# Free wood from old Christmas trees...is it possible?



## Nickhelton (Nov 28, 2010)

In a little more then a month there will be hundreds of Christmas trees thrown into dumps across America and we need ways to stop that. I have personally thrown them into the local lake to create habitats for fish for years but I've been getting into woodworking lately and was curious about salvaging the trees to support my hobby. I was wondering if a thickness planer could be used to make the trees square and then a table saw or band saw to make planks. Will this work or am I destined to lose a finger?


----------



## jeffreythree (Jan 9, 2008)

I would saw on a bandsaw, and have just to make a keepsake box for someone out of their kids first Christmas tree. Kind of plain and ugly wood, sort of like working with the nastiest 2x4 you could find at a box store and any resin will not be set. All of our local towns set up drop sites and grind them into mulch.

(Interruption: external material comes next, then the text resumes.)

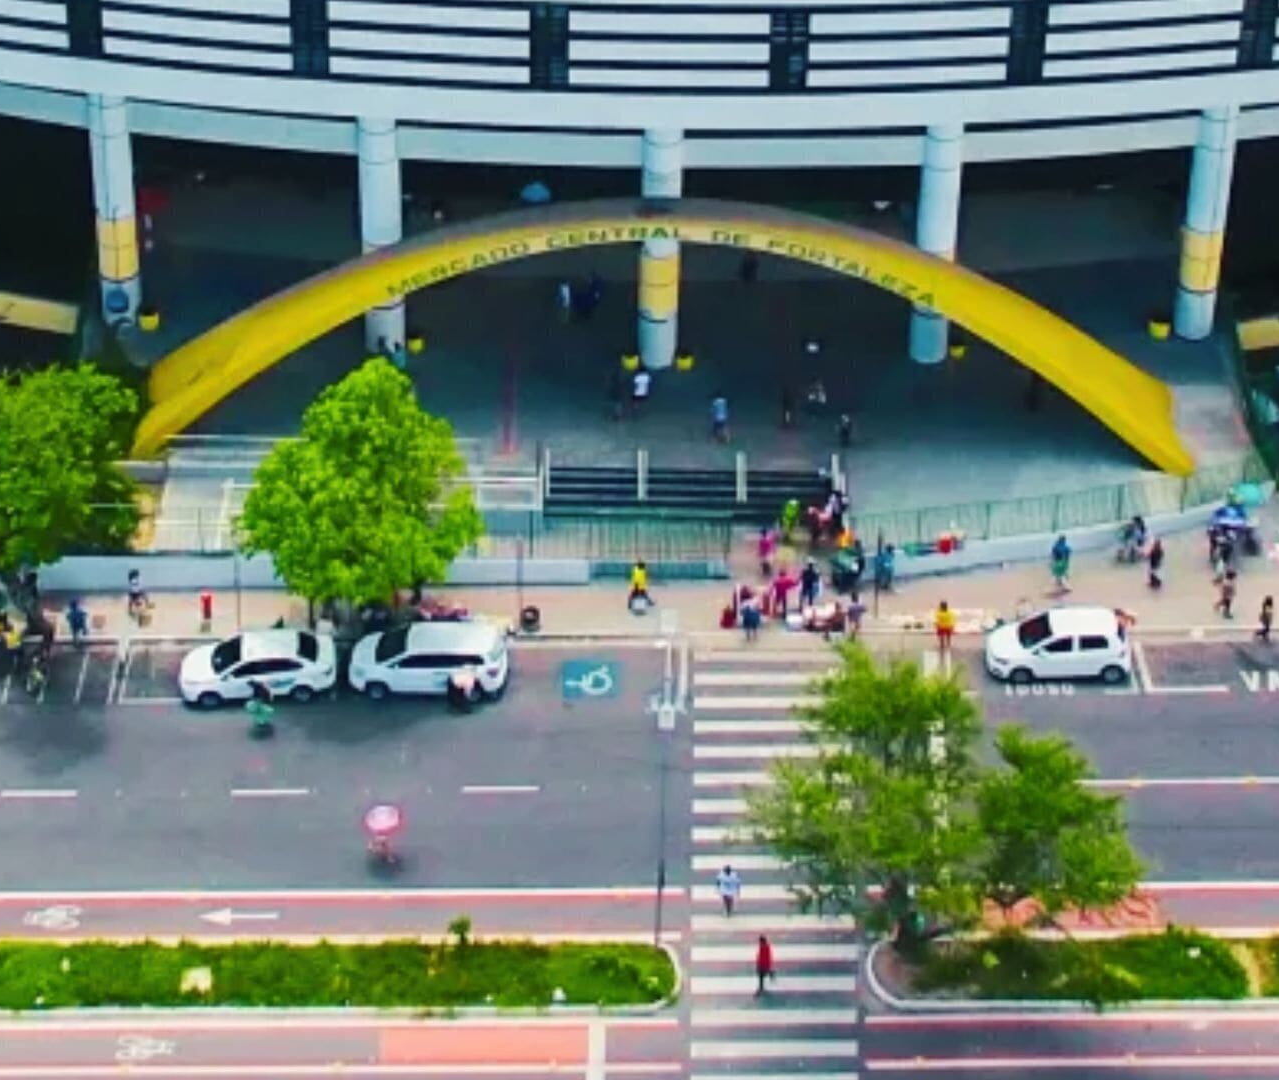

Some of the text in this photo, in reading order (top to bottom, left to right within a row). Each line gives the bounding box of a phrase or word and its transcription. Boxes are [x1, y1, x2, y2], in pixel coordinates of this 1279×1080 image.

A better use IMO.


----------



## Mizer (Mar 11, 2010)

The butt end of most Christmas trees will be under 4 inches. The average Christmas tree is around 6 foot tall. So about the best you could hope for is a 3 foot 2X2. 
I get a lot of joy from or tree after the holiday season by letting it dry out real good and lighting it on fire and watching it burn for about 30 seconds.
I think that you probably have already come up with one of the best uses for an old tree by using it for fish habitat.


----------



## cody.sheridan-2008 (May 23, 2010)

I'm with everyone else:yes:


----------



## Streamwinner (Nov 25, 2008)

Nickhelton said:


> In a little more then a month there will be hundreds of Christmas trees thrown into dumps across America and we need ways to stop that.


1. Buy an artificial tree
2. Convert to another religion
3. Decorate a live tree outside without cutting it down
4. Decorate an indoor potted plant
5. Decorate your refrigerator and leave the presents inside it
6. Paint a tree on the wall
7. ???


----------



## GeorgeC (Jul 30, 2008)

Nickhelton said:


> In a little more then a month there will be hundreds of Christmas trees thrown into dumps across America and we need ways to stop that. ?


I do not understand your objection to this. ????

When I was very young my Dad would many years buy a live Christmas tree.

After the Christmas time has passed we would then plant it somewhere in the yard. These days I do not know where you could purchase a live tree.

George


----------